TASK ITEM:
Go through the entries and transcribe each one exactly, dropping the pictures.

[Free-text object descriptions]
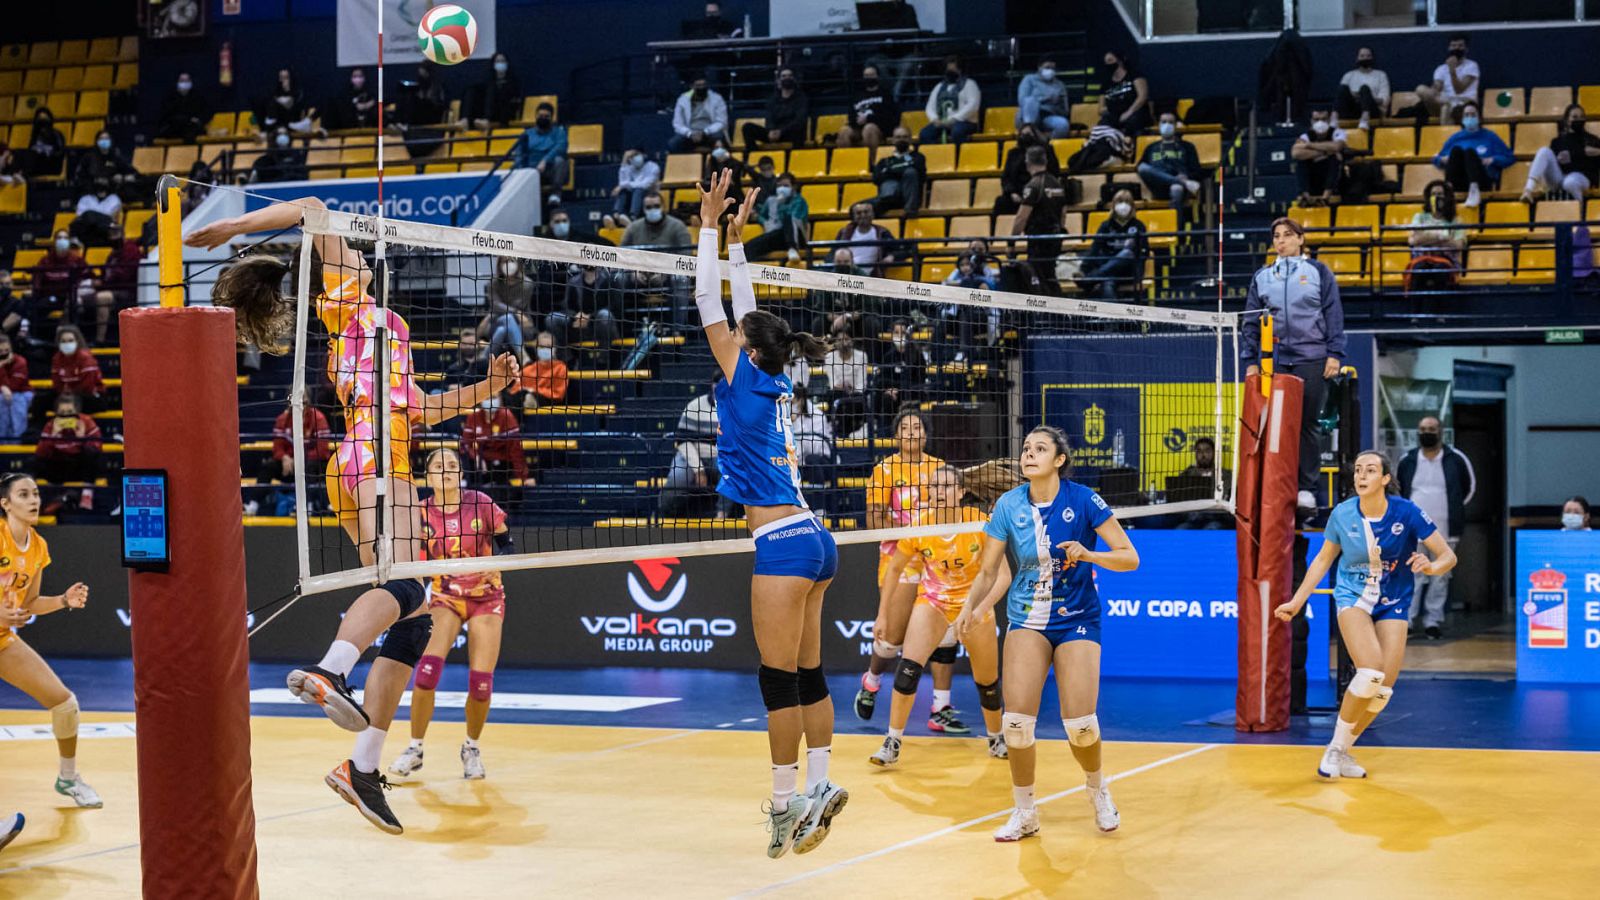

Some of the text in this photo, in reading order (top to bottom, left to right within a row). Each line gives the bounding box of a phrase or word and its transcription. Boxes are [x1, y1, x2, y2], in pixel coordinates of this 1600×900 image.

[350, 216, 398, 237] rfevb.om
[472, 232, 514, 251] rfevb.com
[580, 246, 617, 263] rfevb.com
[761, 267, 791, 282] rfevb.com
[837, 278, 865, 290] rfevb.com
[906, 284, 932, 297] rfevb.com
[969, 291, 992, 303] rfevb.com
[450, 536, 460, 552] 2
[941, 558, 965, 569] 15
[10, 572, 29, 589] 13
[1107, 599, 1239, 618] XIV COPA PR
[580, 612, 737, 637] volkano
[1076, 625, 1087, 635] 4
[604, 637, 714, 653] MEDIA GROUP
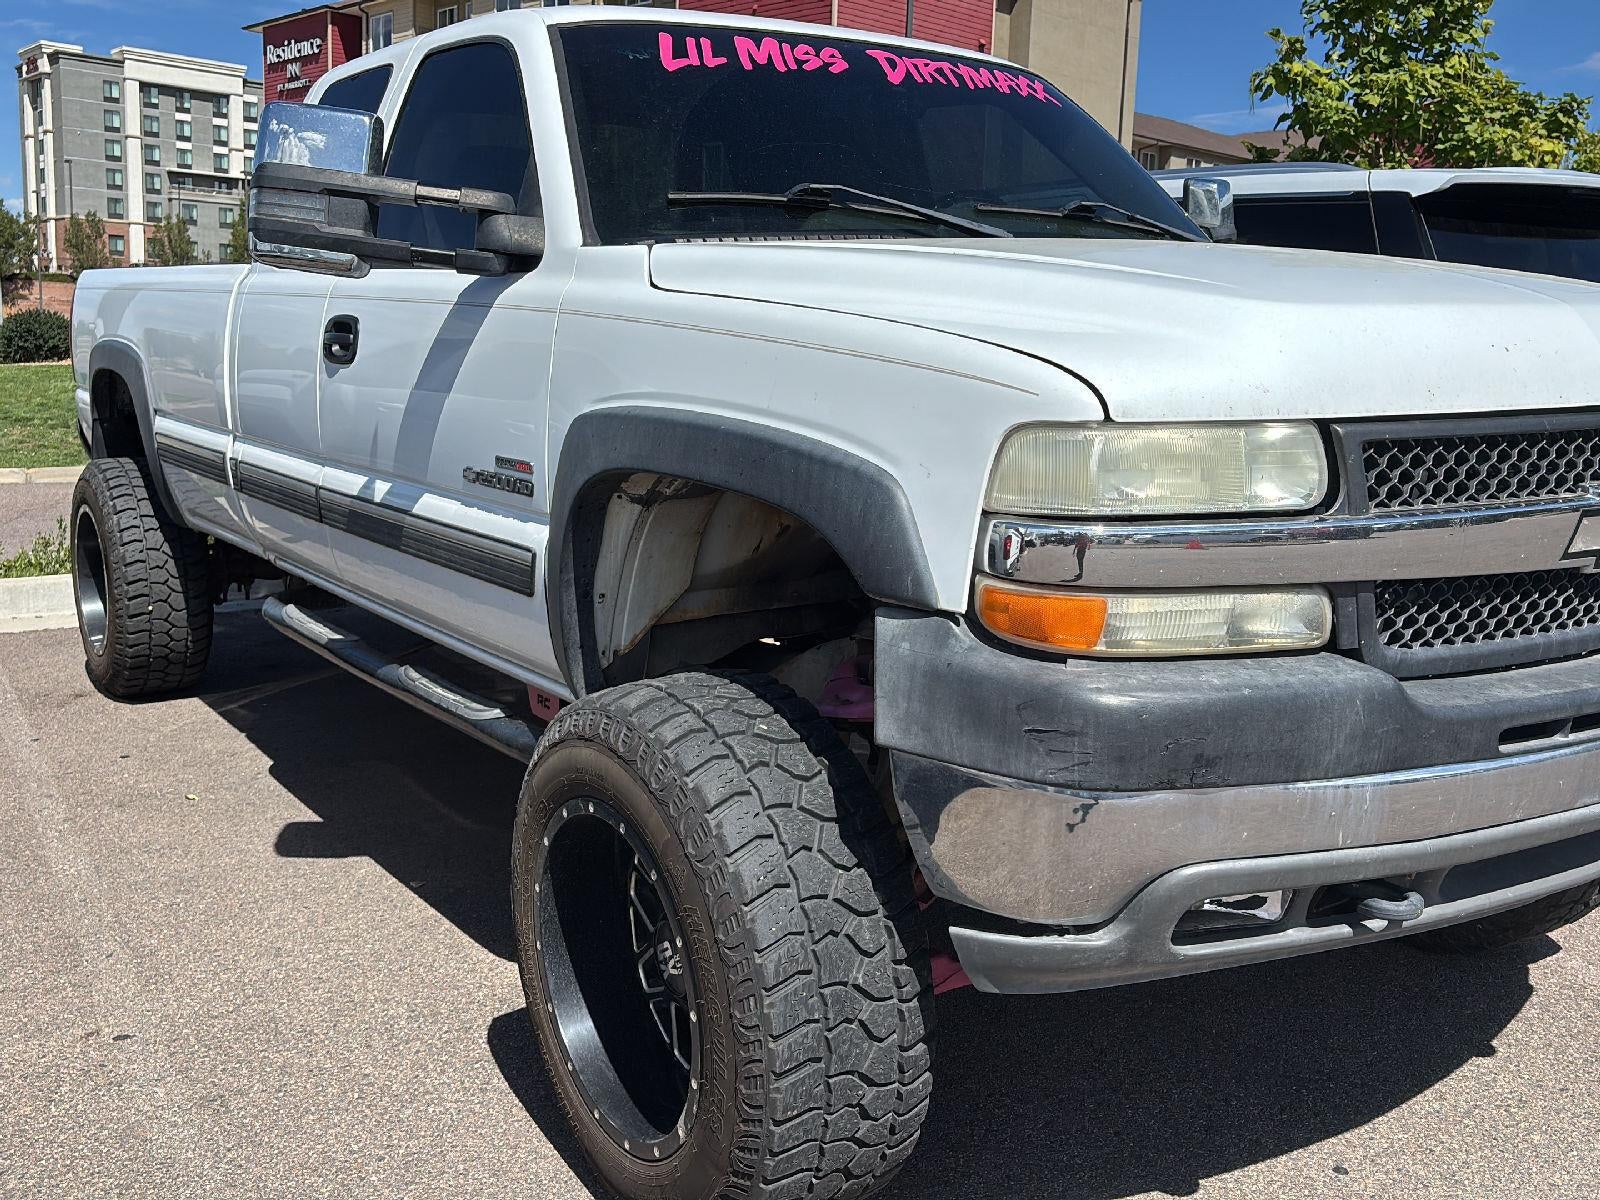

SOLUTION FOR THIS EXERCISE:
Some of the text in this photo, in reading order (top to bottom, left to right within a row). Each line gives the bounding box of a phrase or word and its transcription. Boxes are [x1, y1, x2, y2], in pixel coordinates of this 1600×900 image.

[350, 216, 398, 237] rfevb.om
[472, 232, 514, 251] rfevb.com
[580, 246, 617, 263] rfevb.com
[761, 267, 791, 282] rfevb.com
[837, 278, 865, 290] rfevb.com
[906, 284, 932, 297] rfevb.com
[969, 291, 992, 303] rfevb.com
[450, 536, 460, 552] 2
[941, 558, 965, 569] 15
[10, 572, 29, 589] 13
[1107, 599, 1239, 618] XIV COPA PR
[580, 612, 737, 637] volkano
[1076, 625, 1087, 635] 4
[604, 637, 714, 653] MEDIA GROUP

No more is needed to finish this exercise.